2012-11-02 16:10:11 | Weblog

 

 最近の韓日関係を憂慮する声は多くあります。反面、どうせ一時的なもので、選挙が終われば自然に落ち着くだろうとの意見も聞かれます。反日が嫌韓を呼び、嫌韓が反日に油を注ぐような感情的対立は決して望ましいものではありません。しかし、ただ時期が来れば、熱が冷めて何となく納まればよいとするならば、それも今後の両国関係を真剣に考えた場合望ましいものとは言えません。領土問題も慰安婦問題もその根本にあるのは、日韓併合から戦後までの数十年の歴史的事実を共有できていない為ではないかと考えます。日本の戦争前後の近代史に関しての教育内容の少なさは、以前から感じるものがありますが、対日史に対するとらえ方は韓国側も紋切型ではなく客観的に見つめる時期に来たのではないでしょうか。

 「朝鮮人特攻隊・・・日本人として死んだ英霊たち」(淵弘著、新潮新書)はフィリピンと沖縄で航空特攻隊として散っていた若い命の中に20人近い朝鮮特攻隊員がいた事実に焦点を当てたものです。彼らは結果的に祖国解放をもたらした戦争で「皇国軍人」として戦ったことが、韓国では「反民族行為」と解釈され戦時中の「親日派」=「売国奴」の烙印を押されます。遺族も罪人のようにその存在を隠し、彼らの魂は韓日いずれの行事でも慰霊されることなく今も彷徨い続けているのです。

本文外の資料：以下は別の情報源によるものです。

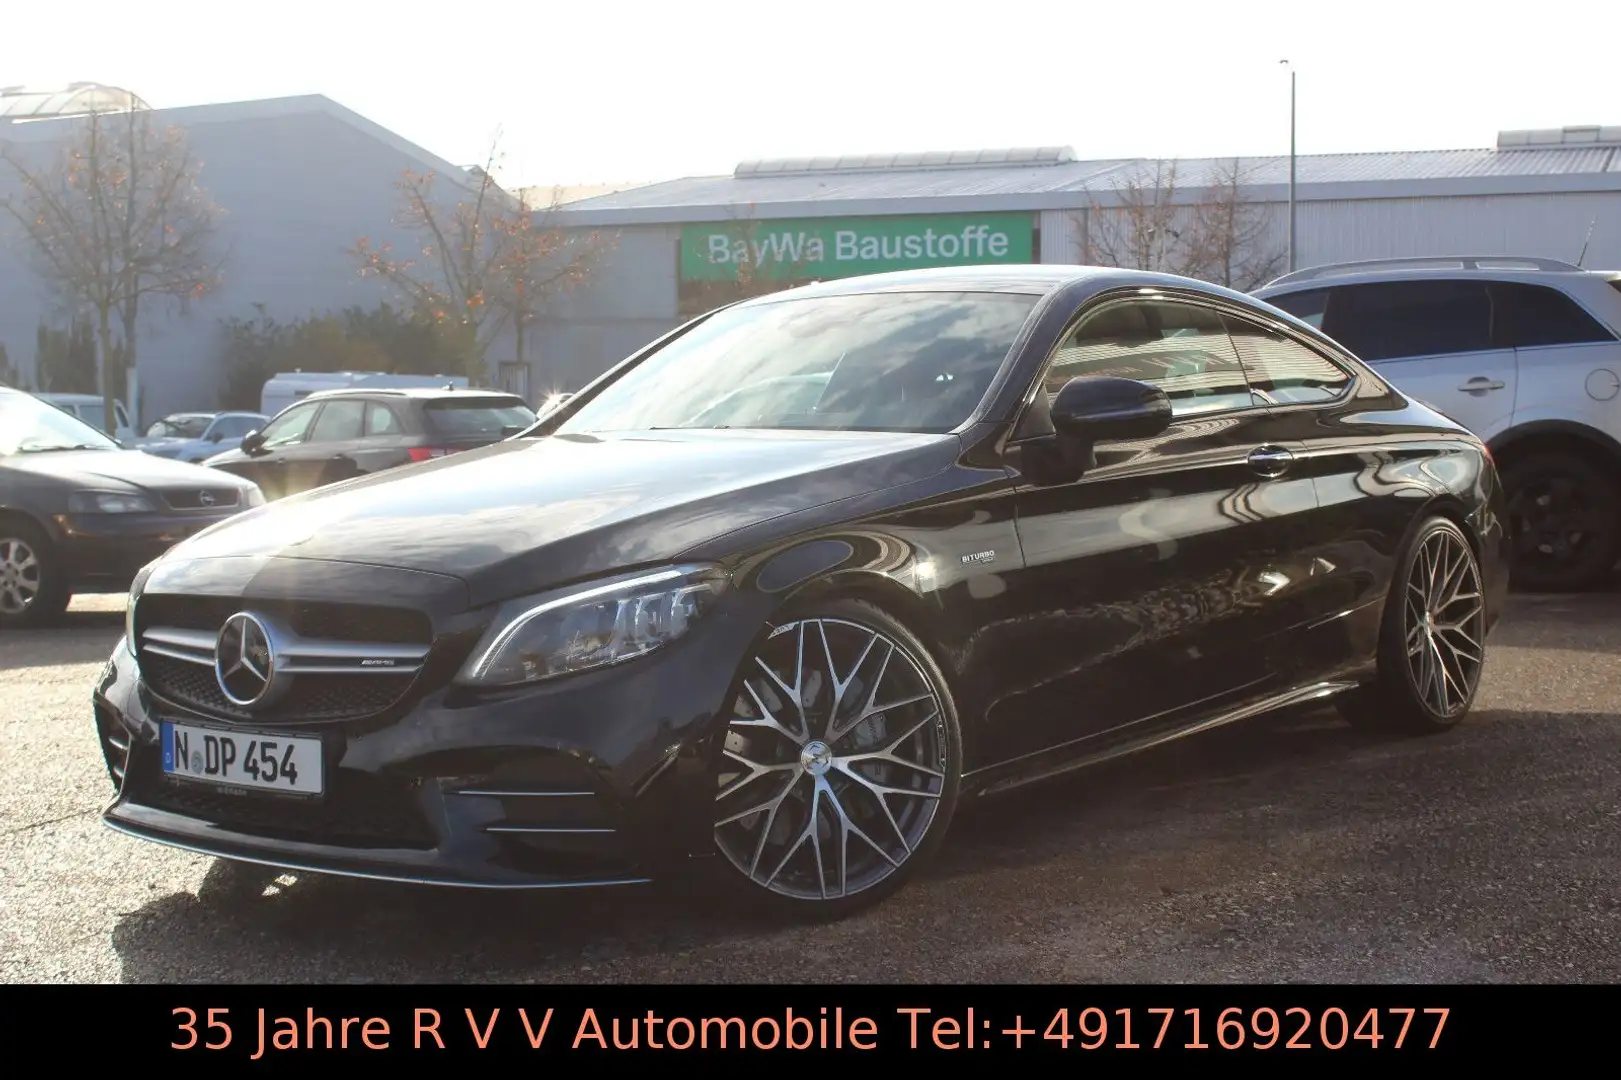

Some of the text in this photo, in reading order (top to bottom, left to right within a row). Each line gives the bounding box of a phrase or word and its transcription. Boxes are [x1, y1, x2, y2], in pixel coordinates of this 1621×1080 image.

著者は彼らが何者で、なぜ特攻に志願し、誰のために死んでいったのか、そして本当に「売国奴」などと蔑まれる存在であったのかを冷静に問おうと考えました。35年続いた日帝植民地統治の下、皇民化政策は民族性の抹殺であることは間違いありませんが、被統治民族の朝鮮の人々にとって指導層の軍に入ることは差別社会の構造を変える少ないチャンスでした。つまり祖国を売って志願したものでも、天皇に忠誠を誓うために死んでいったのではなく、朝鮮出身のエリートたちが、自らのプライドを守るため狭き門であった航空士官への道を選んだもので、時代の狭間での宿命であったとしています。同じ士官の道を歩みながらも生き残った人の中には、その後の韓国空軍の創設に関わり英雄、愛国者として評価される歴史解釈になにか釈然としない想いを抱くのは著者だけではないでしょう。

 彼らの行為が、「近代化が遅れた朝鮮の人が自ら日本人化することを望んだ」というような「民族抹消」を正当化する詭弁に利用されまいとするあまり、その魂まで抹消してはなりません。